A branch of Mubasher focused on Egypt (Mubasher Misr) was launched during the Arab revolts against dictatorship in 2011. The channel was moved from Cairo to Doha after the coup d'état led by President Abdel Fattah el-Sisi in July 2013. Amidst a relentless clampdown on the channel's journalists, Mubasher Misr was suspended on December 23, 2014.


Al Jazeera Film Festival

On April 18, 2005, Al Jazeera held its first International Documentary Film Festival in Doha, headed by film director Abbas Arnaout.

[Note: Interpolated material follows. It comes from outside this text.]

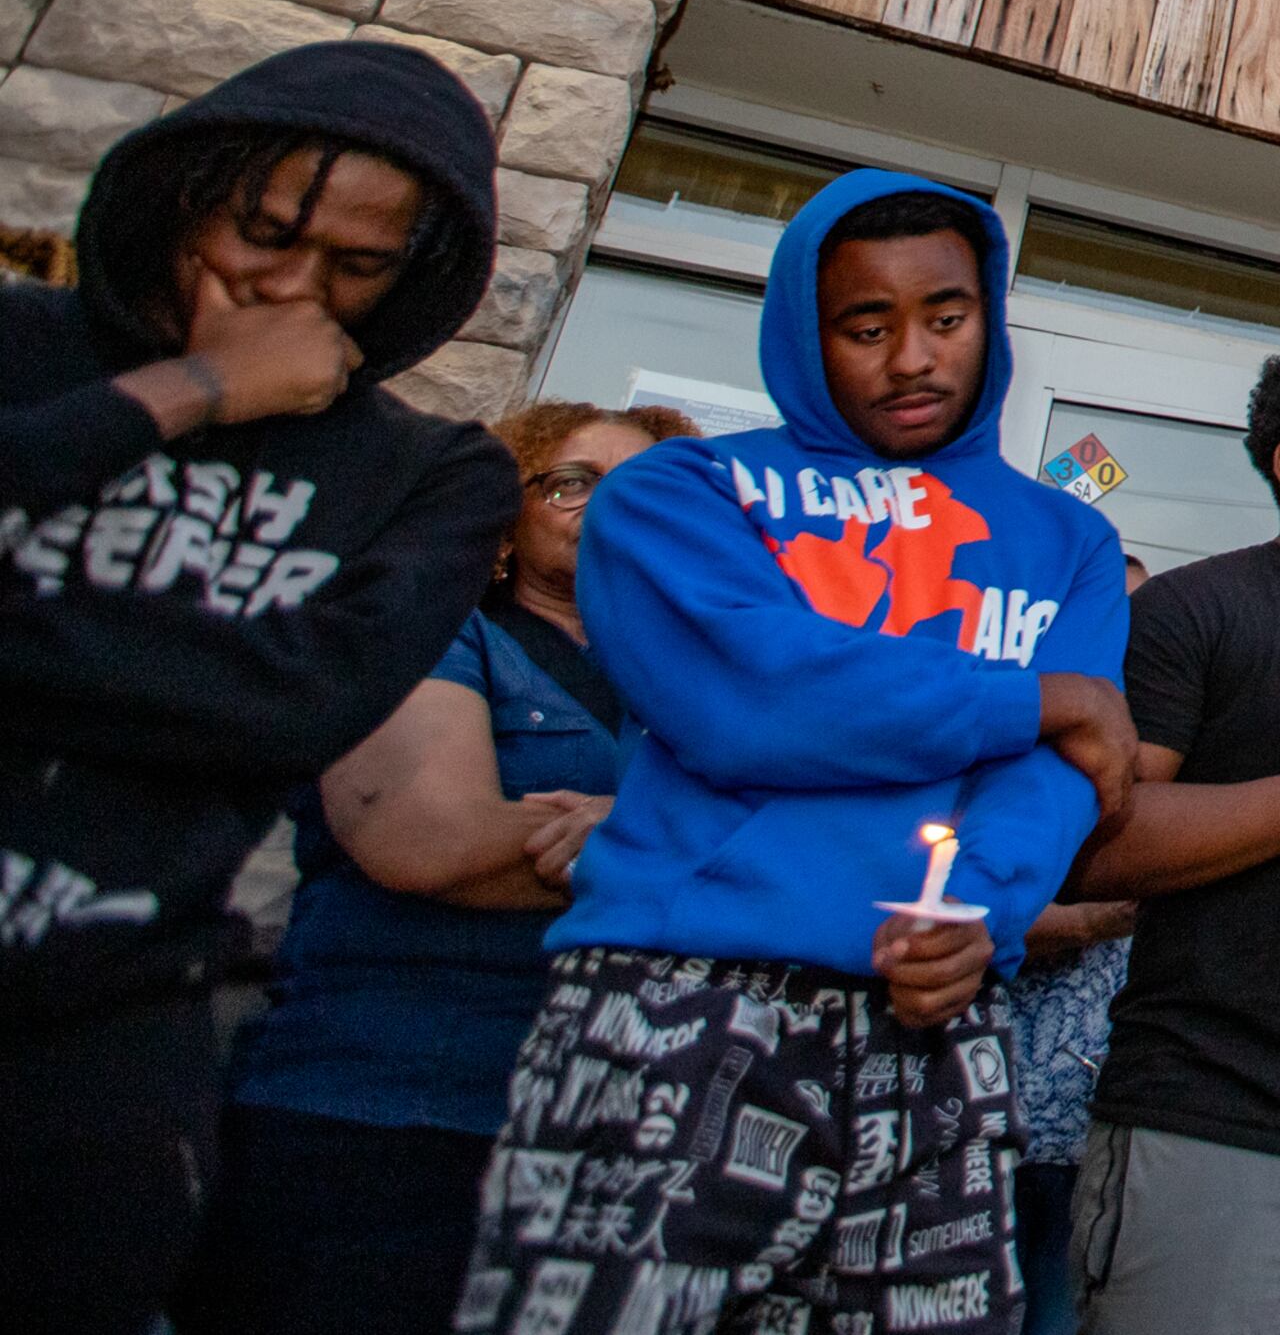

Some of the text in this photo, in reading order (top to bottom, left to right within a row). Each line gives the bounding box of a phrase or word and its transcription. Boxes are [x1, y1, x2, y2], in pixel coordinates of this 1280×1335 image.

For 11 years, the Festival and annual awards ceremony would celebrate the best in global documentary filmmaking, connecting difference cultures, fostering an exchange of experiences and knowledge, and creating a foundation of respect and understanding. The Festival was a place where filmmakers from different countries could meet and celebrate their creative talents.

The last Festival was held from November 26-29, 2015.


2005 - Shedding Light on Dark Corners

In May 2005, Al Jazeera was able to film extensively in the Arab-majority area of Iran known as Ahvaz province. Upon broadcast of the reports (seven in total), protests erupted throughout the province.

Iranian authorities shut down Al Jazeera's bureau in Tehran for several months.

2005 - Focus on Under-reported Areas

In the spring of 2005, Al Jazeera was one of the first media organisations to provide extensive reporting on the depth of the famine in Niger. Tens of thousands of people in central Africa were on the verge of starving to death. After the crisis received global attention - due to the reporting of several media organizations, and a concerted diplomatic effort - aid trickled into the region.

Harassment of Al Jazeera Journalists in Pre-Revolution Egypt

In November 2005, an unidentified assasilant attacked Ahmed Mansour, one of Al Jazeera's star talk-show hosts in Egypt.

In April 2006, security forces questioned Hussein Abdul Ghani, the bureau chief of Al Jazeera in Cairo at the time, about Al Jazeera's coverage of bomb blasts in the Sinai peninsula.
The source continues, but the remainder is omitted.